# Longevity Forces Retirees to Rethink Money Strategy

Living longer than previous generations creates a real problem for retirees. Your savings need to last 30, 40, or even 50 years instead of 10 or 15. This demands a different approach to investing and spending.

The traditional model of shifting entirely into bonds and cash at retirement no longer works. If you retire at 65 and live to 95, you cannot afford to keep all your money in low-yield savings accounts. Inflation erodes purchasing power over decades. A 2% savings account return loses ground when prices rise 3% or 4% annually.

Financial advisors now recommend maintaining a balanced portfolio well into retirement. This means keeping stocks in your mix alongside bonds and other safer assets. Stocks provide growth that bonds alone cannot match. Yes, they fluctuate. But over a 20 or 30-year retirement, that growth compounds in your favor.

The tradeoff is accepting some volatility. A retiree with a 60/40 stock-to-bond split experiences market downturns, but recovers through the long periods between recessions. Someone 100% in bonds avoids those short-term dips while guaranteeing slow growth that may not beat inflation.

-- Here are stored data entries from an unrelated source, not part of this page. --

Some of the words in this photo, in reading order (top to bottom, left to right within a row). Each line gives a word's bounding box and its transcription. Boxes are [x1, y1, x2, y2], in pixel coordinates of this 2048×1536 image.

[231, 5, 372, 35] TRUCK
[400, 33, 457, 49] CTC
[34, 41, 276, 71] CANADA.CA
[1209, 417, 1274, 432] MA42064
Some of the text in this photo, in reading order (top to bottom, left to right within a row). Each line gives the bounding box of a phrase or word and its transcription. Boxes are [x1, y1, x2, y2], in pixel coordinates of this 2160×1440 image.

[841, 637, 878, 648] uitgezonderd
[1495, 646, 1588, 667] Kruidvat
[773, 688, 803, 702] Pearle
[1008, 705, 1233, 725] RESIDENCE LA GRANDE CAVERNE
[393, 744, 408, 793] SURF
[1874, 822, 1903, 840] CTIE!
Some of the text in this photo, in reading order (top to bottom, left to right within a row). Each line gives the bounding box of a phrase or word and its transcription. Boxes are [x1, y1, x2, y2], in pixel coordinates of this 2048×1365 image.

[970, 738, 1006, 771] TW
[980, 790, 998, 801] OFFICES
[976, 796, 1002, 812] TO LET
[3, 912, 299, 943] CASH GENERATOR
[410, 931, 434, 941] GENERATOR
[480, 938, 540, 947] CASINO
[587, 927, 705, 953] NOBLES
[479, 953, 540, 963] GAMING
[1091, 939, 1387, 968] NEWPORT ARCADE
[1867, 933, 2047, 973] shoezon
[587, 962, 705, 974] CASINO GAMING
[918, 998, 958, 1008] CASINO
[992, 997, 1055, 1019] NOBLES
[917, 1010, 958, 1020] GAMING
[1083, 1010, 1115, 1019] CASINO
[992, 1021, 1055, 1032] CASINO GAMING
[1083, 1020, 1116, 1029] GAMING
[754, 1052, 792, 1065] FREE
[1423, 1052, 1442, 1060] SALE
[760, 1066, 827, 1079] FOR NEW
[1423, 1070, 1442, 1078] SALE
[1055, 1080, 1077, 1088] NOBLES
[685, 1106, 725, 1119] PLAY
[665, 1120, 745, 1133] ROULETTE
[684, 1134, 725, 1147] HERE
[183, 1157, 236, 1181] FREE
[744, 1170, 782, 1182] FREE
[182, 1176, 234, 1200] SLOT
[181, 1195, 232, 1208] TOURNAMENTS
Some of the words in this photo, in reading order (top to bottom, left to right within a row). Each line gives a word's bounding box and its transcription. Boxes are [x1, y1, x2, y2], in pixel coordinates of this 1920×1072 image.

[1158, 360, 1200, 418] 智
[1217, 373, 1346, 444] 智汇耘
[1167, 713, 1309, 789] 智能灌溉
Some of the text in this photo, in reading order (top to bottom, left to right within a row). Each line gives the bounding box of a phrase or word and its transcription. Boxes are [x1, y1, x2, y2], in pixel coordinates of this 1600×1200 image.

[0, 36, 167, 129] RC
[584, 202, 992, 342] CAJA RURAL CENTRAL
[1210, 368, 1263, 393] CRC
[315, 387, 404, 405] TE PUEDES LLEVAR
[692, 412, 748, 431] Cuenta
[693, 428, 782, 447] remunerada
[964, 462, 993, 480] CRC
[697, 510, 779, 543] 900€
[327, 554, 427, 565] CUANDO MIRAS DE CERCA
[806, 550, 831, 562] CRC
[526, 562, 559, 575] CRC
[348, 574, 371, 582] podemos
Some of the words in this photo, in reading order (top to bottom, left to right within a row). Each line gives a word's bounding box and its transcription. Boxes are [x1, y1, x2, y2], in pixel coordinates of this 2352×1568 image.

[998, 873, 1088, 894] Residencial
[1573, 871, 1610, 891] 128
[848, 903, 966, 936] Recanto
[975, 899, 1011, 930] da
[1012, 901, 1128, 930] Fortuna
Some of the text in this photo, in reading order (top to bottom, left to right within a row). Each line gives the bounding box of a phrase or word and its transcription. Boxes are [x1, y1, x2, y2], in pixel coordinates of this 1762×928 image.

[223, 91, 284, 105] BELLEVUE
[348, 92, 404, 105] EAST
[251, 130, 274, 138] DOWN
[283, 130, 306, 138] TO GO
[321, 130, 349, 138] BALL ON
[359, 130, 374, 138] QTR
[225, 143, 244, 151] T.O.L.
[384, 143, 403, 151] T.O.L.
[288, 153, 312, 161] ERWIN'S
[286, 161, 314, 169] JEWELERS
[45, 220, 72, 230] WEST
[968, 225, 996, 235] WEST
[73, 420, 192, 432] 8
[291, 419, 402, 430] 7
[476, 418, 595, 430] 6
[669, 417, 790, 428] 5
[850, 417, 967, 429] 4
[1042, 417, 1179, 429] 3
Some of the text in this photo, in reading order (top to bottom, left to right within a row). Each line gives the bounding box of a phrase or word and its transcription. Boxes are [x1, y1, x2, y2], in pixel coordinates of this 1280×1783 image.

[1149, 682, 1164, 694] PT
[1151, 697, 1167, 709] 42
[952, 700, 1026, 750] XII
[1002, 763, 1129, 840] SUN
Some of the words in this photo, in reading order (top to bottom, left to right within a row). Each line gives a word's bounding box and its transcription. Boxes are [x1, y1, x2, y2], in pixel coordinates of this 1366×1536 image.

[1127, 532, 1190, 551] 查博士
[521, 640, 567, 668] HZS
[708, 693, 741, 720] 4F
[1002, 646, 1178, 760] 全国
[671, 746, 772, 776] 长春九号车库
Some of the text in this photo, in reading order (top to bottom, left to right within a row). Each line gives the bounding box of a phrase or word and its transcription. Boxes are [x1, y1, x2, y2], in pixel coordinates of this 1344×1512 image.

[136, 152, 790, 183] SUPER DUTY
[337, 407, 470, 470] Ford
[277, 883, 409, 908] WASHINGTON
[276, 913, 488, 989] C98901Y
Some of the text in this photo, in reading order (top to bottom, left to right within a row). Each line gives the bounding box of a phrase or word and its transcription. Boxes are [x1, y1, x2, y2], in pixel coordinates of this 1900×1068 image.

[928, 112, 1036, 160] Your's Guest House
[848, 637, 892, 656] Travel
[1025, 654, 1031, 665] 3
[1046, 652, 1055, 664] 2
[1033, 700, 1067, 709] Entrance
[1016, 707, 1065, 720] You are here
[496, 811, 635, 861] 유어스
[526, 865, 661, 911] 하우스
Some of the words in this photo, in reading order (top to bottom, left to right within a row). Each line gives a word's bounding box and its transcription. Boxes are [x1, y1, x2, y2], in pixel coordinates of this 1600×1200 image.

Plan for substantial costs that many retirees underestimate. Long-term care ranks high. A nursing home or in-home caregiver costs $60,000 to $100,000 per year in many U.S. regions. Healthcare expenses typically rise faster than general inflation. Travel, hobbies, and supporting family members eat into monthly budgets.

Longevity becomes your asset when you prepare for it now. Calculate how much you need to withdraw annually from retirement savings. Use that number to determine how large your nest egg must grow before you retire.